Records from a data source

========================

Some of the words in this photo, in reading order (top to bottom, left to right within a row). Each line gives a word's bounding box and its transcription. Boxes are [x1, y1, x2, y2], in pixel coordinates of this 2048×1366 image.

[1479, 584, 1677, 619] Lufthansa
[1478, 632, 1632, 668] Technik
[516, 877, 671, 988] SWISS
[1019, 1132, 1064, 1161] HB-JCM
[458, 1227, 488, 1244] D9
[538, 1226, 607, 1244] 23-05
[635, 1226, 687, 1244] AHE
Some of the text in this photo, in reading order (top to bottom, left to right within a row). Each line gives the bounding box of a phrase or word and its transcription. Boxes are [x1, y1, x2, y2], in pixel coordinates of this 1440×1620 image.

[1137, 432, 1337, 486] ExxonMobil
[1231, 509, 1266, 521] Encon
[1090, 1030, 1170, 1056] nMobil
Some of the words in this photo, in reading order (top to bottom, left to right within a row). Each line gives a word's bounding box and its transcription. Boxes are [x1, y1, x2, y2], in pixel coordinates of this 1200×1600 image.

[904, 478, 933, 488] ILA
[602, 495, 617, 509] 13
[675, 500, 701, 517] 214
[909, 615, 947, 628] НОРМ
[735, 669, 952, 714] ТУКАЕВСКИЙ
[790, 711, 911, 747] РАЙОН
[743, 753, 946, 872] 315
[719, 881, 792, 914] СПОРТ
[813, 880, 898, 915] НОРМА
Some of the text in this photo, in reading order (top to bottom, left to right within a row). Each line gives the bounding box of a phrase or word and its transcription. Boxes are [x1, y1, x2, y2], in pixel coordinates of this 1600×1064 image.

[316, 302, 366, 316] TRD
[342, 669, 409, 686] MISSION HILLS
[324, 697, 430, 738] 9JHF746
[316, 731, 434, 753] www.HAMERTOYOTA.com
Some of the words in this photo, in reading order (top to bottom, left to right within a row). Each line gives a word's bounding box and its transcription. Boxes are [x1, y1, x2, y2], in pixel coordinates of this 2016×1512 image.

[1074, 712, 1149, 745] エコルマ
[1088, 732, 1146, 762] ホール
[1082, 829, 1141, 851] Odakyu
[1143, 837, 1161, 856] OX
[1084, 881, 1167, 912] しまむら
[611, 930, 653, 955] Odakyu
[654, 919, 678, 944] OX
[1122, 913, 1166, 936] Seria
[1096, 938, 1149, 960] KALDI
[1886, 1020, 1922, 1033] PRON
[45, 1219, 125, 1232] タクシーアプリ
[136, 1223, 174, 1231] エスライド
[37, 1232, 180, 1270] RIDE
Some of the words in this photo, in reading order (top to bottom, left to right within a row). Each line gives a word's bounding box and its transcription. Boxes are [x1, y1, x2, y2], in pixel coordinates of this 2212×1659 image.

========================

Produce the records once again, exactly as they stand above.

## [Exercise solution]
Some of the words in this photo, in reading order (top to bottom, left to right within a row). Each line gives a word's bounding box and its transcription. Boxes are [x1, y1, x2, y2], in pixel coordinates of this 2048×1366 image.

[1479, 584, 1677, 619] Lufthansa
[1478, 632, 1632, 668] Technik
[516, 877, 671, 988] SWISS
[1019, 1132, 1064, 1161] HB-JCM
[458, 1227, 488, 1244] D9
[538, 1226, 607, 1244] 23-05
[635, 1226, 687, 1244] AHE
Some of the text in this photo, in reading order (top to bottom, left to right within a row). Each line gives the bounding box of a phrase or word and its transcription. Boxes are [x1, y1, x2, y2], in pixel coordinates of this 1440×1620 image.

[1137, 432, 1337, 486] ExxonMobil
[1231, 509, 1266, 521] Encon
[1090, 1030, 1170, 1056] nMobil
Some of the words in this photo, in reading order (top to bottom, left to right within a row). Each line gives a word's bounding box and its transcription. Boxes are [x1, y1, x2, y2], in pixel coordinates of this 1200×1600 image.

[904, 478, 933, 488] ILA
[602, 495, 617, 509] 13
[675, 500, 701, 517] 214
[909, 615, 947, 628] НОРМ
[735, 669, 952, 714] ТУКАЕВСКИЙ
[790, 711, 911, 747] РАЙОН
[743, 753, 946, 872] 315
[719, 881, 792, 914] СПОРТ
[813, 880, 898, 915] НОРМА
Some of the text in this photo, in reading order (top to bottom, left to right within a row). Each line gives the bounding box of a phrase or word and its transcription. Boxes are [x1, y1, x2, y2], in pixel coordinates of this 1600×1064 image.

[316, 302, 366, 316] TRD
[342, 669, 409, 686] MISSION HILLS
[324, 697, 430, 738] 9JHF746
[316, 731, 434, 753] www.HAMERTOYOTA.com
Some of the words in this photo, in reading order (top to bottom, left to right within a row). Each line gives a word's bounding box and its transcription. Boxes are [x1, y1, x2, y2], in pixel coordinates of this 2016×1512 image.

[1074, 712, 1149, 745] エコルマ
[1088, 732, 1146, 762] ホール
[1082, 829, 1141, 851] Odakyu
[1143, 837, 1161, 856] OX
[1084, 881, 1167, 912] しまむら
[611, 930, 653, 955] Odakyu
[654, 919, 678, 944] OX
[1122, 913, 1166, 936] Seria
[1096, 938, 1149, 960] KALDI
[1886, 1020, 1922, 1033] PRON
[45, 1219, 125, 1232] タクシーアプリ
[136, 1223, 174, 1231] エスライド
[37, 1232, 180, 1270] RIDE
Some of the words in this photo, in reading order (top to bottom, left to right within a row). Each line gives a word's bounding box and its transcription. Boxes are [x1, y1, x2, y2], in pixel coordinates of this 2212×1659 image.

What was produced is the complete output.